図2】ナイロン66のDSC加熱-冷却-加熱曲線を示し、267℃の融点、225℃の凝固点および約60℃のガラス転移温度を示している。
図3】ナイロン66の応力掃引曲線を示し、線形粘度領域(LVR)が約0.4%のひずみであることを示している。
図4】0.4%のひずみにおけるナイロン66の周波数掃引曲線を示す。
図5】ナイロン66の周波数掃引曲線を示し、粘度がせん断速度の増加と共に低下することを示している(粘度対せん断速度)。
図6】低倍率から高倍率まで並べた一連のSEM画像を示し、8%CNT強化ナイロン複合材料の低温破断後のCNTの引き抜きの証拠を提供する。
図7】透過型電子顕微鏡(TEM)画像を示す。
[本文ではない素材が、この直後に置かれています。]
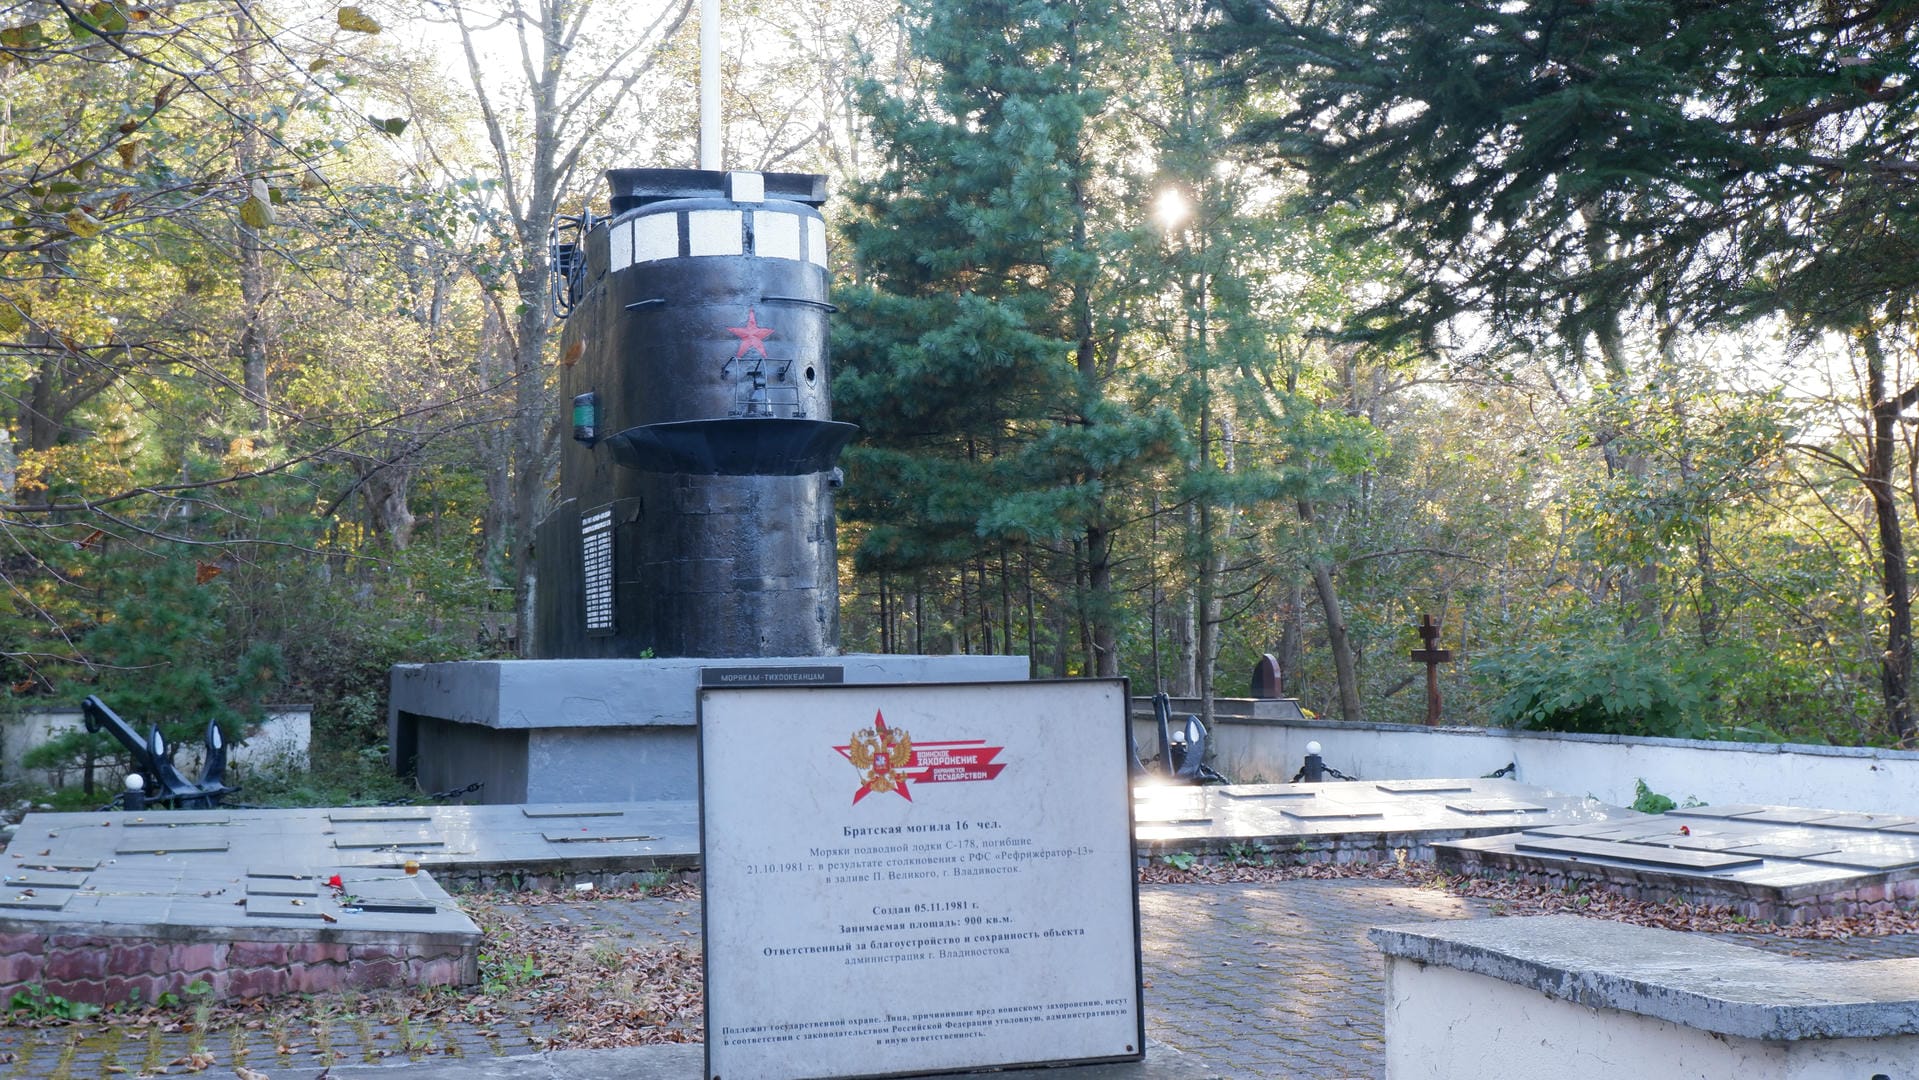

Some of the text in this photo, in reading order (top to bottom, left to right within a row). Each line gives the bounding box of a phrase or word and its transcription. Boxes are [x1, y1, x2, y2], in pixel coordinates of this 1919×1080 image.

[721, 673, 825, 682] МОРЯКАМ-ТИХООКЕАНЦАМ
[917, 756, 978, 767] ЗАХОРОНЕНИЕ
[934, 772, 988, 781] ГОСУДАРСТВОМ
[843, 820, 1002, 838] Братская могила 16 чел.
[809, 836, 1033, 859] Моряки подводной лодки С-178, погибшие
[746, 862, 803, 875] 21.10.1981
[818, 863, 824, 871] в
[827, 860, 883, 873] результате
[886, 856, 957, 867] столкновения
[960, 855, 966, 863] с
[969, 852, 992, 863] РФС
[995, 845, 1094, 862] «Рефрижератор-13»
[826, 875, 832, 884] в
[834, 873, 870, 884] заливе
[888, 868, 940, 881] Великого,
[943, 869, 951, 877] г.
[953, 865, 1022, 877] Владивосток.
[872, 901, 980, 916] Создан 05.11.1981 г.
[839, 915, 1013, 934] Занимаемая площадь: 900 кв.м.
[763, 928, 1085, 957] Ответственный за благоустройство и сохранность объекта
[844, 947, 1010, 966] администрация г. Владивостока
[722, 1025, 767, 1035] Подлежит
[770, 1018, 846, 1032] государственной
[884, 1014, 910, 1023] Лица,
[912, 1009, 973, 1022] причинившие
[976, 1007, 996, 1017] вред
[998, 1004, 1043, 1014] воинскому
[1047, 1000, 1103, 1010] захоронению,
[1105, 997, 1128, 1006] несут
[732, 1034, 793, 1045] соответствии
[803, 1027, 889, 1040] законодательством
[892, 1022, 942, 1033] Российской
[945, 1018, 993, 1030] Федерации
[995, 1014, 1044, 1027] уголовную,
[1046, 1008, 1128, 1022] административную
[885, 1035, 909, 1046] иную
[910, 1030, 987, 1043] ответственность.
図7aは、MWCNTとアモルファスまたは非晶質のナイロン66マトリックスとの間の接着結合の証拠を提供する。すなわち、ナイロン66マトリックス中に切断末端を有さないMWCNTについては、共有結合は観察されない。対照的に、図7bは、MWCNTの破断端部またはその近傍でのより高密度のナイロン66(電子ビームに対する透過性が低い)の結晶化を示す。
図8a】それぞれ1%~6%のCNTを含有する本発明のナイロン66複合材料のDSC加熱-冷却-加熱曲線を示す。
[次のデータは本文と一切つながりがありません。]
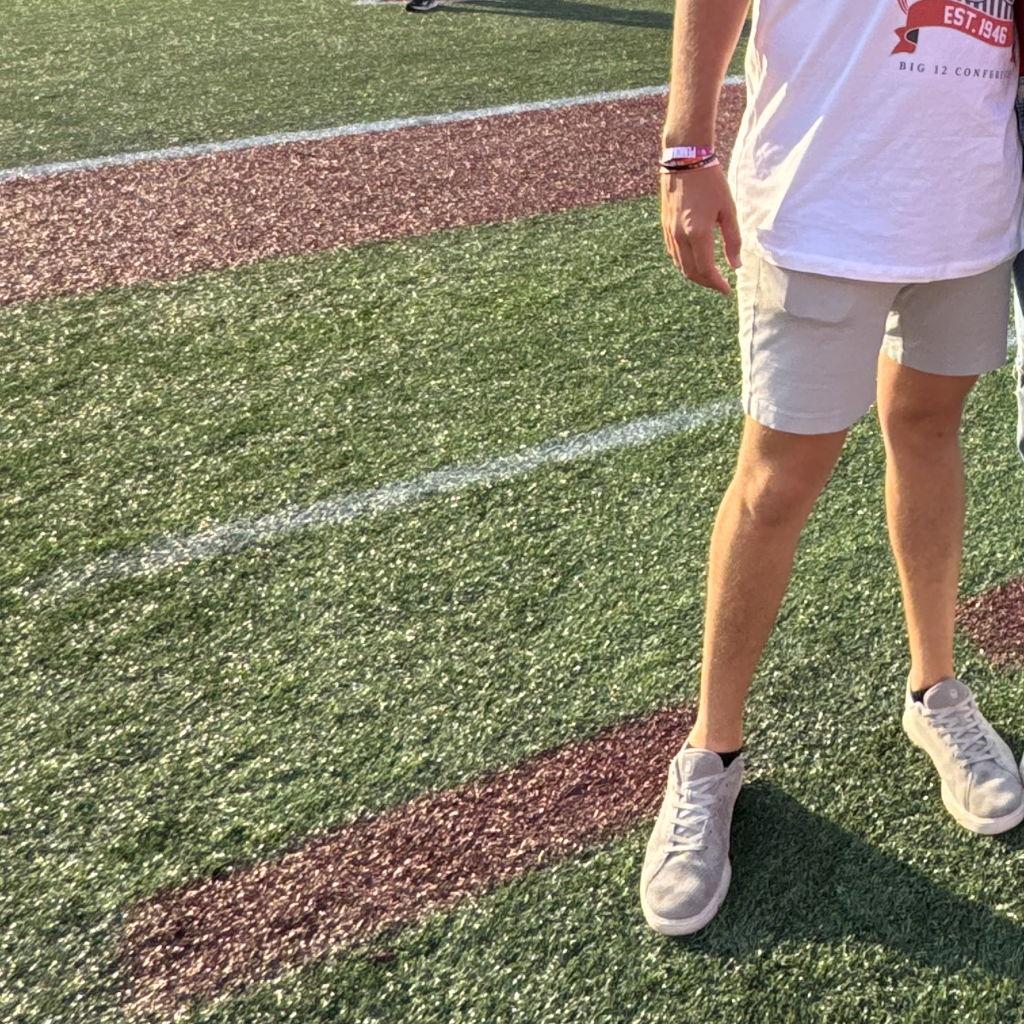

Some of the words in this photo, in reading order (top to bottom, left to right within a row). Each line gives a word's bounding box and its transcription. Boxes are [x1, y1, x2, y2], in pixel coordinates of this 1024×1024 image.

図8b】それぞれ1%~6%のCNTを含有する本発明のナイロン66複合材料のDSC加熱-冷却-加熱曲線を示す。
図8c】それぞれ1%~6%のCNTを含有する本発明のナイロン66複合材料のDSC加熱-冷却-加熱曲線を示す。
図8d】それぞれ1%~6%のCNTを含有する本発明のナイロン66複合材料のDSC加熱-冷却-加熱曲線を示す。
図8e】それぞれ1%~6%のCNTを含有する本発明のナイロン66複合材料のDSC加熱-冷却-加熱曲線を示す。
図8f】それぞれ1%~6%のCNTを含有する本発明のナイロン66複合材料のDSC加熱-冷却-加熱曲線を示す。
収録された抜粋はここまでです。